For two days, Yoni said he’d get back to KCP with a photo and more of his plans, but for now he hasn’t. Ditto for the Hikind family ally, Democratic District Leader David Schwartz, who some would like to see run, but who has ruled it out for now.

Real Estate attorney and Republican District Leader Nachman Caller is said to be looking at running, but surprisingly JPUpdatesPublisher Moshe Friedman called KCP saying he was Caller’s spokesperson, although sources say that he secretly supports Greenfield.

“The bottom line is there is no outrage over [Greenfield] handing someone the seat. Nobody wants to run. Maybe people think David Greenfield can deliver even more at the Met Council,” said Friedman.

It’ still too early to know for sure where all this will lead, but one thing is for sure. When it comes to following the letter but not the spirit of the law, the powerful in the orthodox and Hasidic community of Borough Park have it down pat.

It leaves one wondering how they follow Talmudic laws.

Editor’s Clarification: The Hamodia ad was paid for by Yeger For City Council, and not the people listed on the ad. 

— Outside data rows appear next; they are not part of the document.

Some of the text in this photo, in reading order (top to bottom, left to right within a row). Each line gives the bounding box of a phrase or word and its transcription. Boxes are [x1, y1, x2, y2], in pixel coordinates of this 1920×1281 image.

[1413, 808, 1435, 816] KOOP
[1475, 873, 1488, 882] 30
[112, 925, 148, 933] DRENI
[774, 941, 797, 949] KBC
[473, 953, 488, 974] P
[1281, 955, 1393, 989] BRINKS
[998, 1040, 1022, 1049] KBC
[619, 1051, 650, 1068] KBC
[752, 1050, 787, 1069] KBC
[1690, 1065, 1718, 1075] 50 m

Alright already, I acknowledge I may or may not have taken a few angry cheap shots at Yeshivas and Kalman Yeger. That said, I’ve been in the journalism game long enough to know when you go down the rabbit hole of apologizing for something you’ve written it only makes matters worse. So I’ll own what I’ve written, lick my wounds and move on.

Regarding, Mr. Yeger, I personally believe it is always better to have a spirited campaign of ideas with at least two candidates, but if this is who Borough Park wants to represent them in the city council, so be it. I’ll put any anger I may or may not have aside, put on my most objective hat and henceforth judge Mr. Yeger on his merits.

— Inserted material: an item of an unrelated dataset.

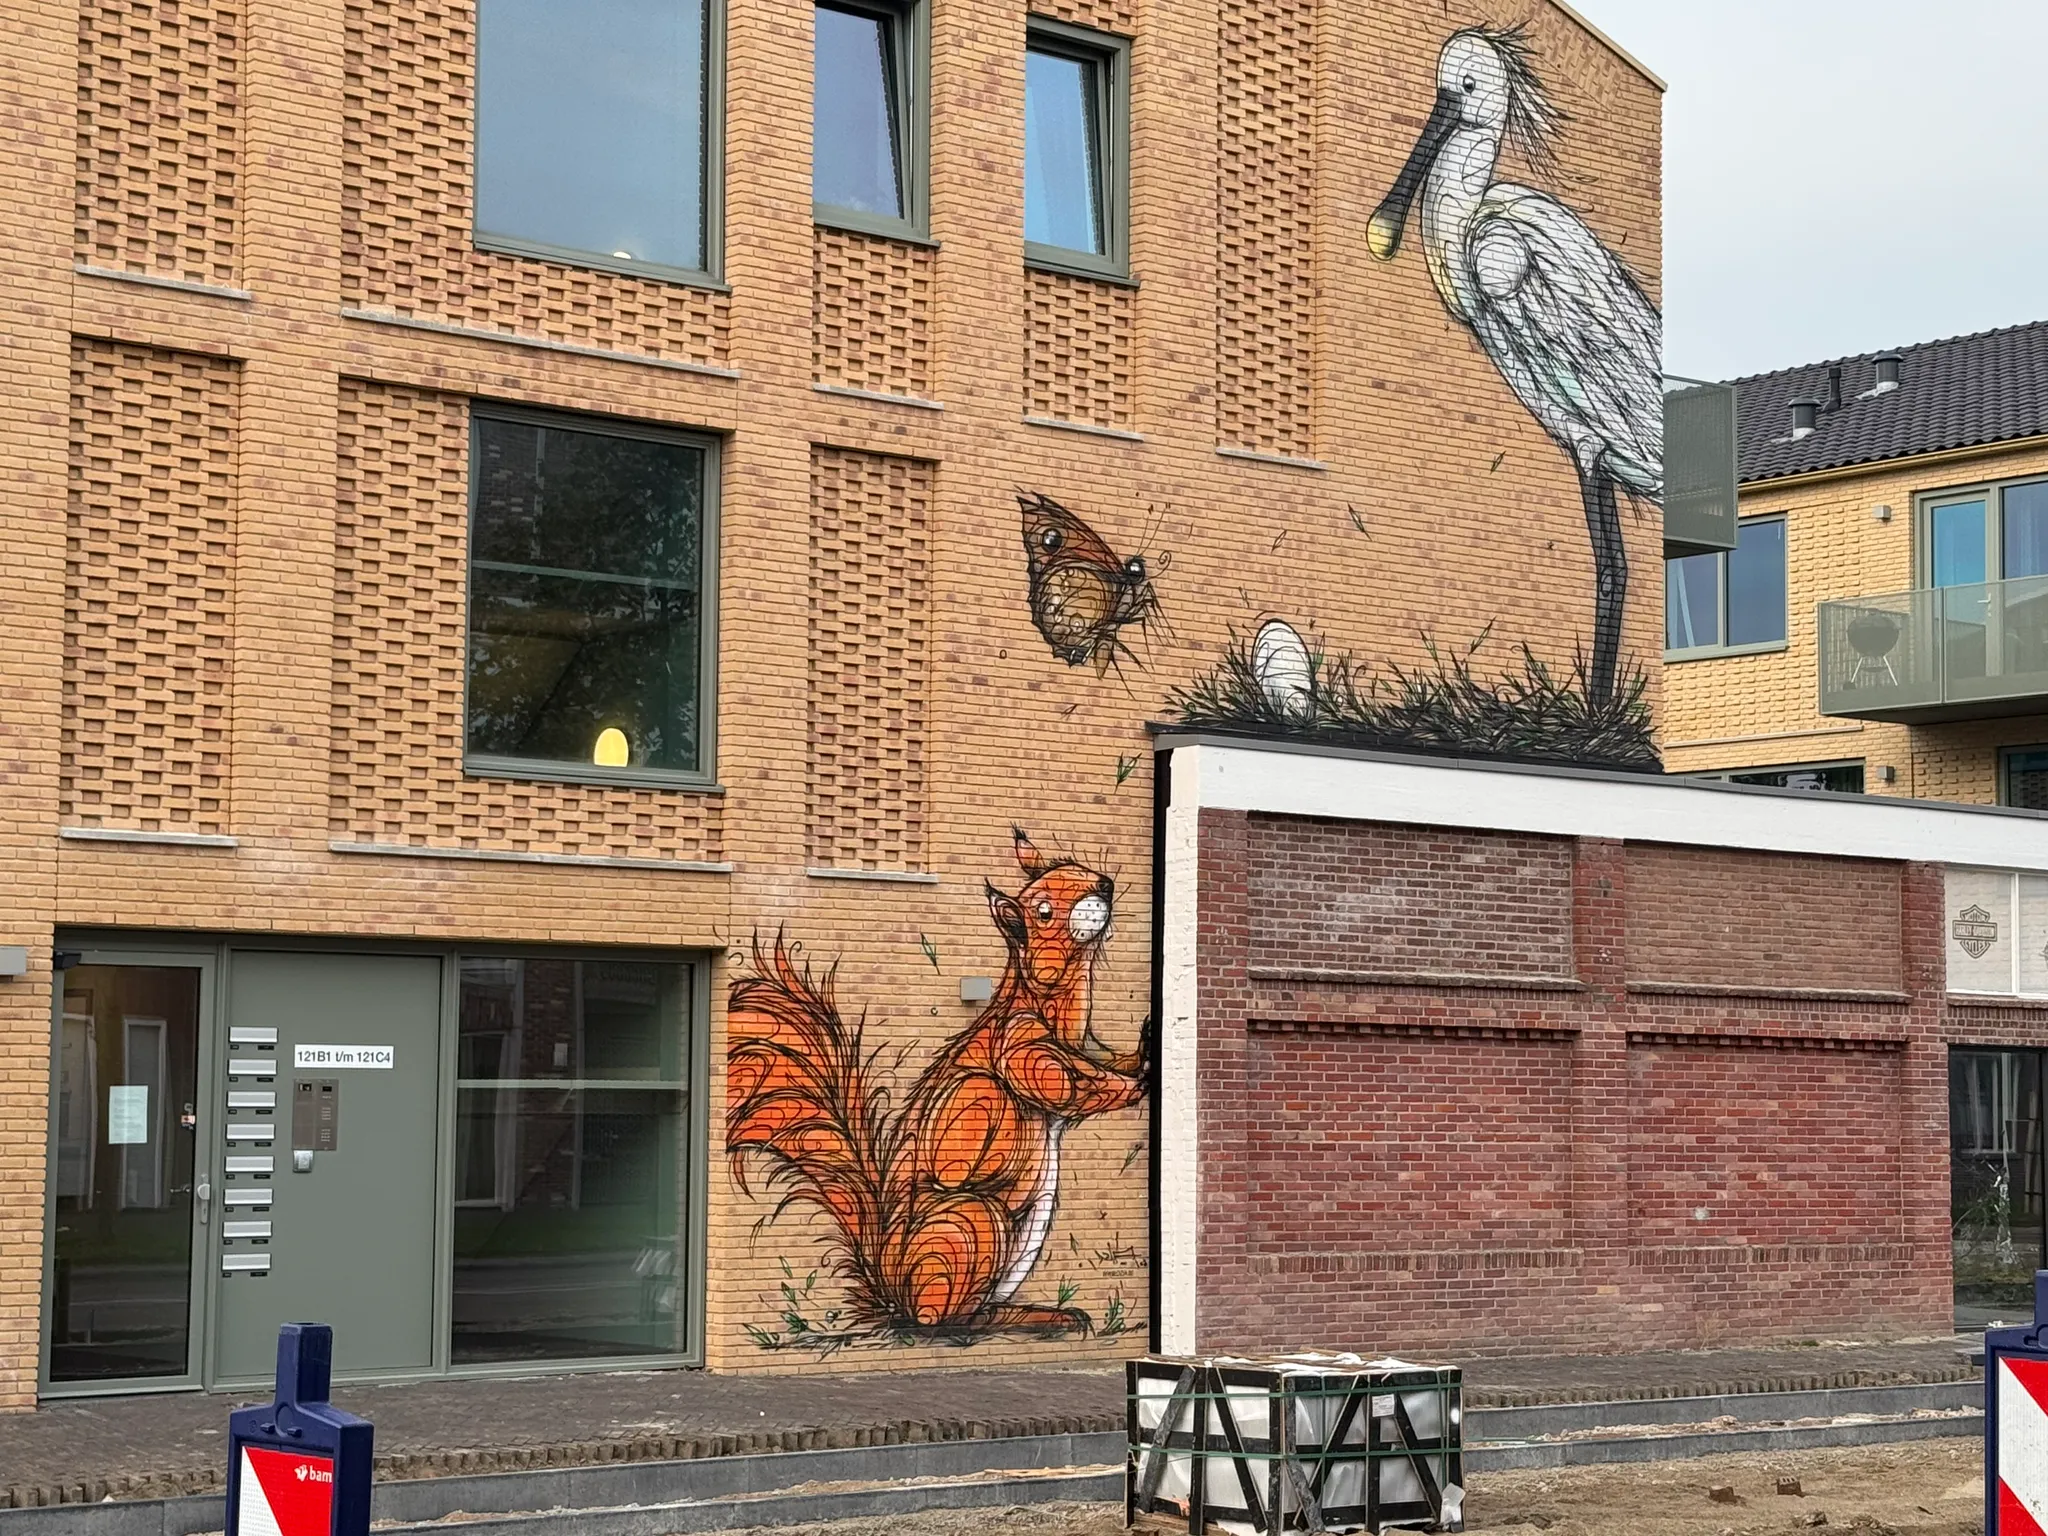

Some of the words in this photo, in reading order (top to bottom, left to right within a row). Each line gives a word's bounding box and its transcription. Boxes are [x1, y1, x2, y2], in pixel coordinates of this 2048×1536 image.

[298, 1050, 331, 1062] 121B1
[335, 1050, 354, 1063] t/m
[357, 1051, 390, 1063] 121C4
[309, 1464, 333, 1483] bam

Regarding the comments on this website as well as from people who personally called me that said or insinuated I am somehow anti-Semitic and/or endorse the Protocols of the Elders of Zion, you are even more off base than any comments made about Yeshivas and the leadership of Borough Park.

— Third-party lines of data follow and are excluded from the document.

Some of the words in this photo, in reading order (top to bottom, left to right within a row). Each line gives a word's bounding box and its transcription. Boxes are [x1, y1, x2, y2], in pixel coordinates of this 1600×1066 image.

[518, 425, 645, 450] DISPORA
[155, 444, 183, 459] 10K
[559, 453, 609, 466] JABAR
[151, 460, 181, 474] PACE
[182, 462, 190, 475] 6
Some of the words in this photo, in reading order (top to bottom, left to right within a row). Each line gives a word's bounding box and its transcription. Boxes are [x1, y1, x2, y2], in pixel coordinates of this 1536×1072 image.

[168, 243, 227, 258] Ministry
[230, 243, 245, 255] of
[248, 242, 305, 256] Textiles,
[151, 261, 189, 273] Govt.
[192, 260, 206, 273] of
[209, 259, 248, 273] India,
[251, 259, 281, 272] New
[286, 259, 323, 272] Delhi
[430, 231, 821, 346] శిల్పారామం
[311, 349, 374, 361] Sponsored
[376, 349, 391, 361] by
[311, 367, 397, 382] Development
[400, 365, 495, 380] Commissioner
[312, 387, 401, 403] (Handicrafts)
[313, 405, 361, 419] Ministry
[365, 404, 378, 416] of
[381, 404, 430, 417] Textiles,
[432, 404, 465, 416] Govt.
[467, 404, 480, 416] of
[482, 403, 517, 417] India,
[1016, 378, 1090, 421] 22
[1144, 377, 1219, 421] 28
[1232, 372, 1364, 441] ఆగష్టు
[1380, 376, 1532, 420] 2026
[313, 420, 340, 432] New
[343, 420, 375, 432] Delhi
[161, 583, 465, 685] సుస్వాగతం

I went to cheder and was bar mitzvah at Skokie Central Traditional Congregagtion, an orthodox shul, which is still going strong. In Skokie, where I spent my entire childhood into early adulthood, we were always a tight-knit Jewish community. The intent of this column, as misguided as it may or may not have been, was to stand up for the poor Jews struggling to come up with tuition money. That’s a far cry from me writing or insinuating in any way that there is a grand conspiracy of my people, whom I love and support, to own the world. If these comments didn’t hurt so much they would be laughable.